In fact, it's much more than just those 140 characters that make up a Twitter persona. The other main qualities any Twitter user has are the number of people that user follows and the number of people that follow the user. The prior describes overall engagement; the latter signifies overall popularity.
Companies have grasped these concepts rather quickly and now strive to make their Twitter personas followed by thousands of adoring fans. But what many of these fair-minded companies have realized is that it's usually pretty difficult to quickly manufacture followers. So various Twitter-"marketing" companies have sprouted touting the ability to miraculously provide thousands of fans in only a few days - for a small fee of course.
As we all know, when something valuable comes for only a small fee then things are usually not as they appear.
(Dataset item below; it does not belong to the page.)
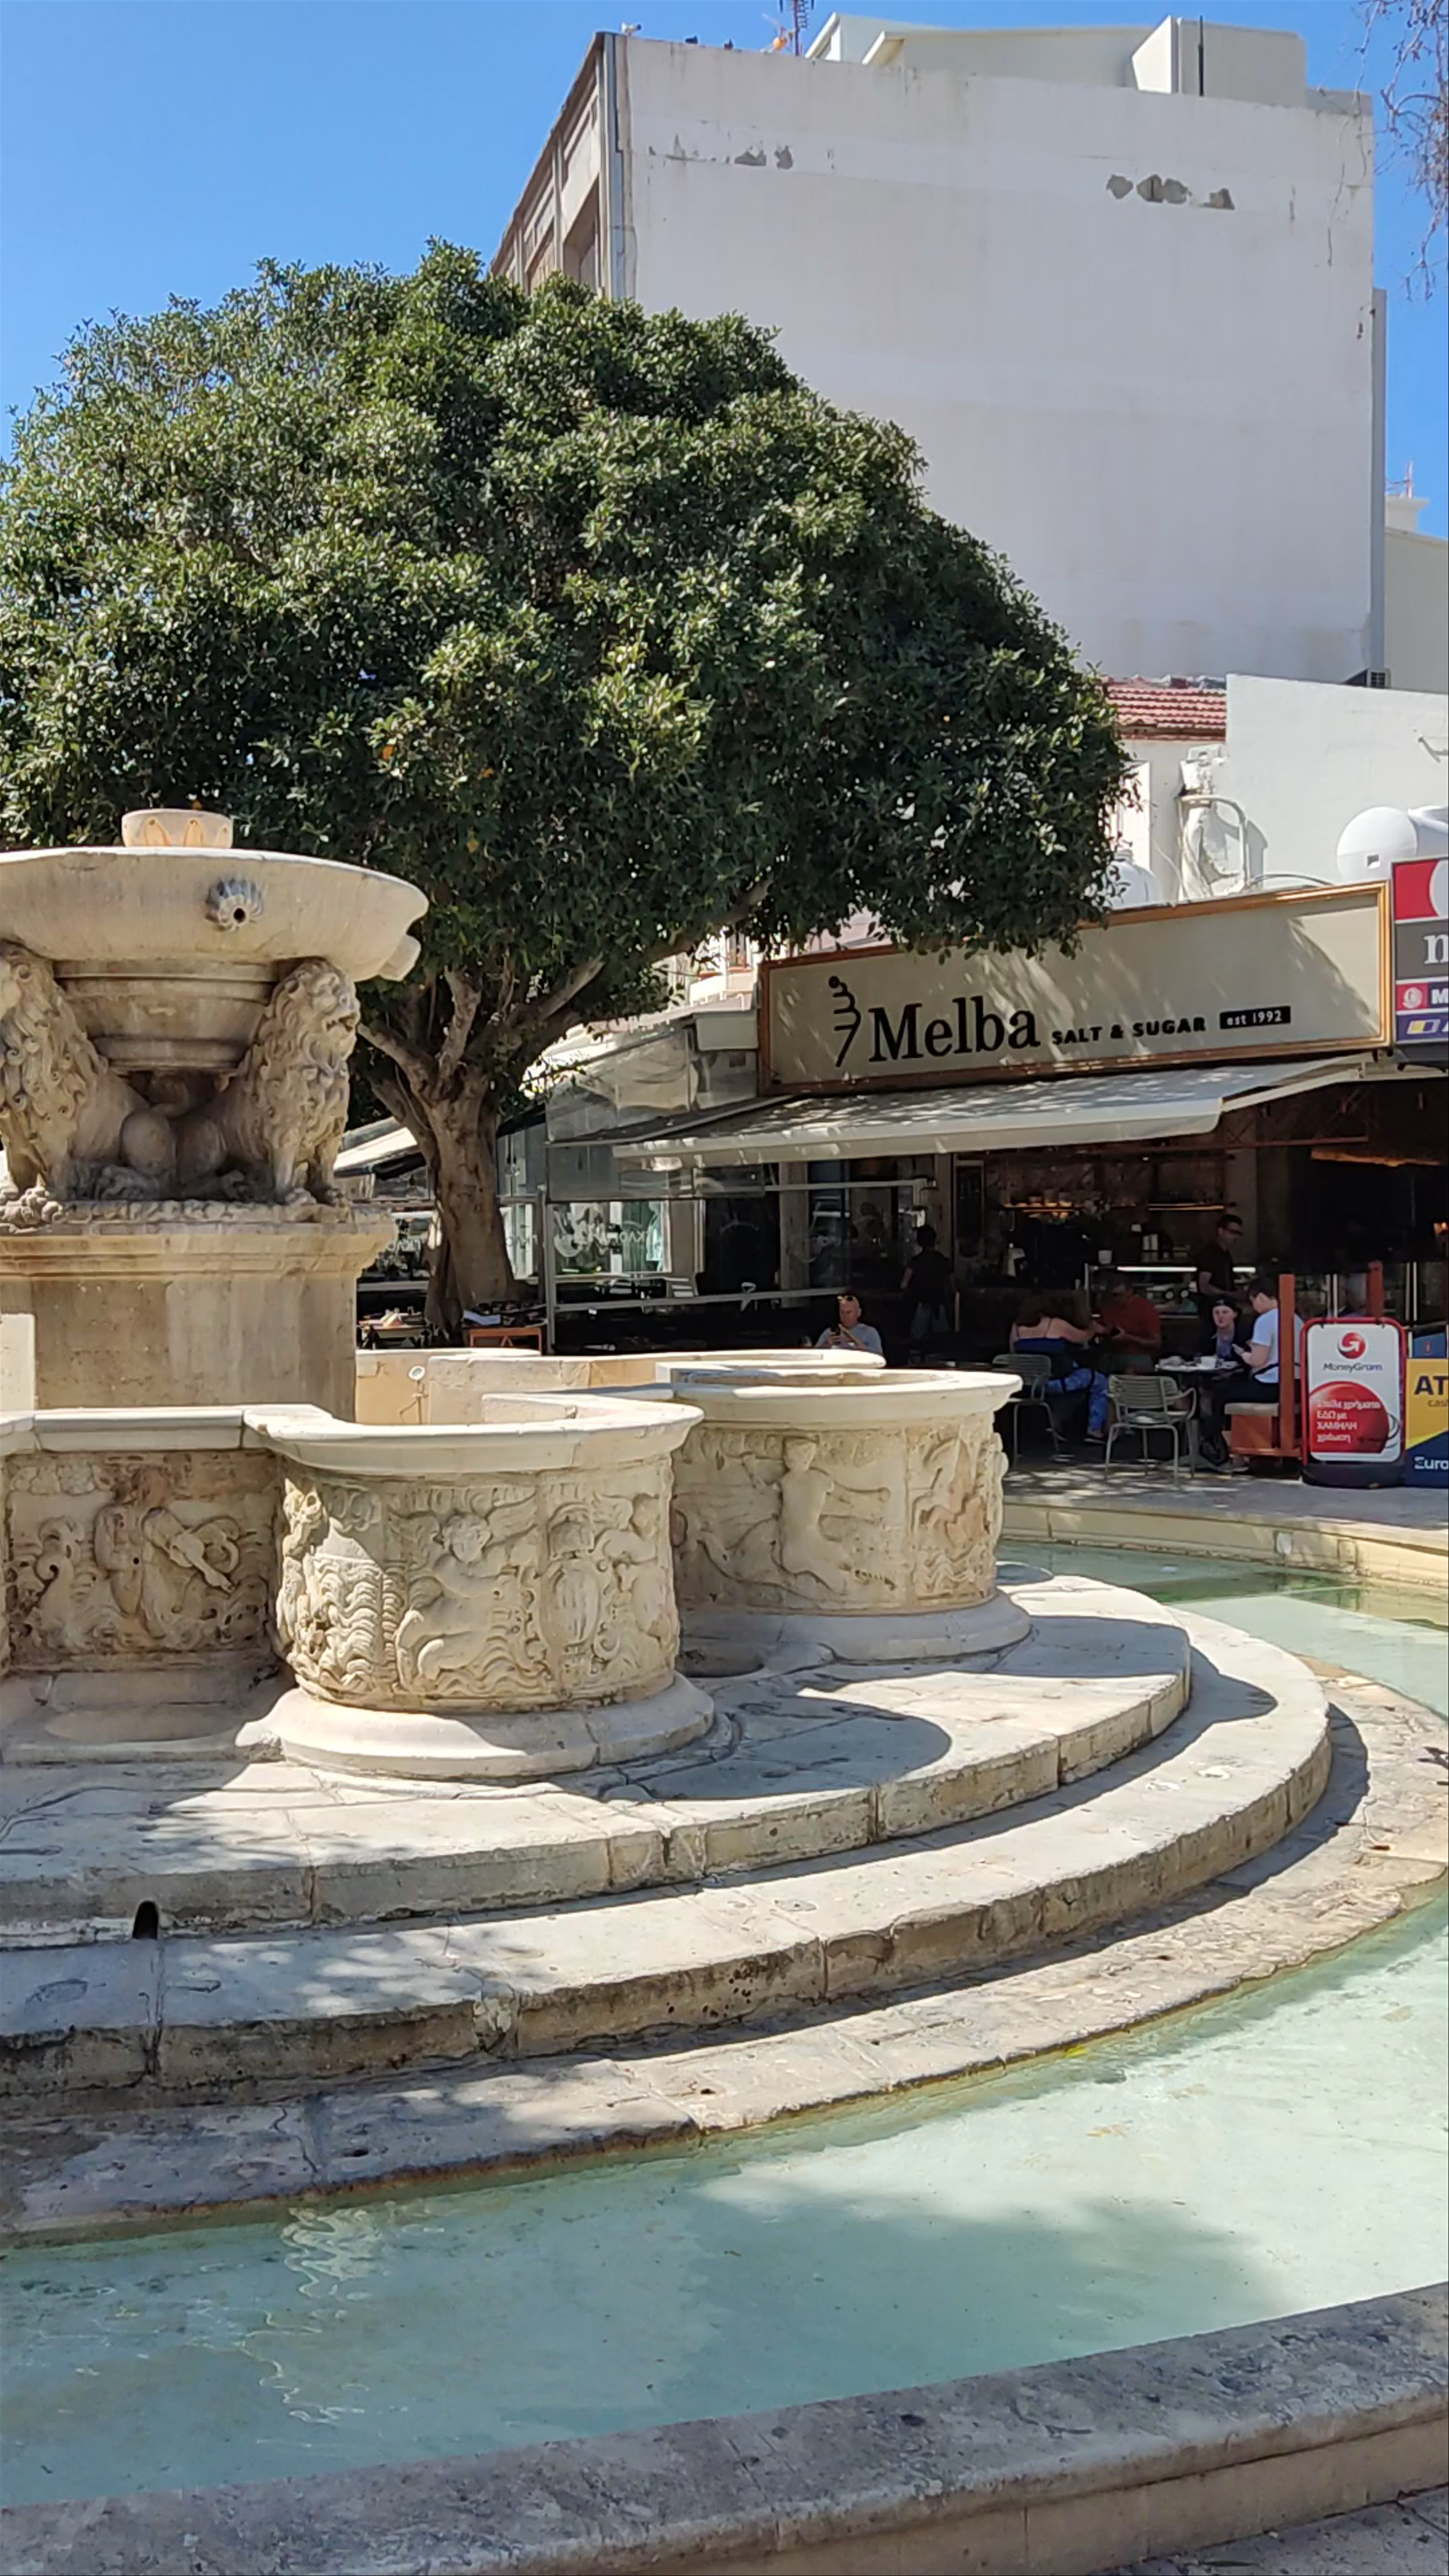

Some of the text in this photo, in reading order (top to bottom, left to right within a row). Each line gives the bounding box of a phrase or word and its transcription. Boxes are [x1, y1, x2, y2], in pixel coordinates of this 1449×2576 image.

[868, 995, 1283, 1062] Melba SALT & SUGAR est 1992
[1323, 1363, 1383, 1373] MoneyGram
These thousands of new fans are often bots - fake Twitter personalities created for the sole purpose of boosting the follower equation, for making it seem, at first glance, that someone or something is very popular.
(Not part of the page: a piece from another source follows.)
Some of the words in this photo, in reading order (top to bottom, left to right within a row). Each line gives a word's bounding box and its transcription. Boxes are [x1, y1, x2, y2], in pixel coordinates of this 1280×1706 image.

(Un)fortunately, these types of shenanigans are usually quite transparent. The bots are not very good about posting realistic pictures in their profiles or communicating in natural ways - i.e. they can be spotted from a mile away. This doesn't really hurt the "marketing" companies that provide these fake masses, but instead damages the reputation of those seemingly honest companies that have these strange supporters.
So today, when I realized that a company that I've been following for months and that I felt was quite honest had gained over 35,000 fans in a week, something smelled fishy. And when I dug a little deeper I found a lot of fish - in the form of a reputation-killing digital mob. How sad.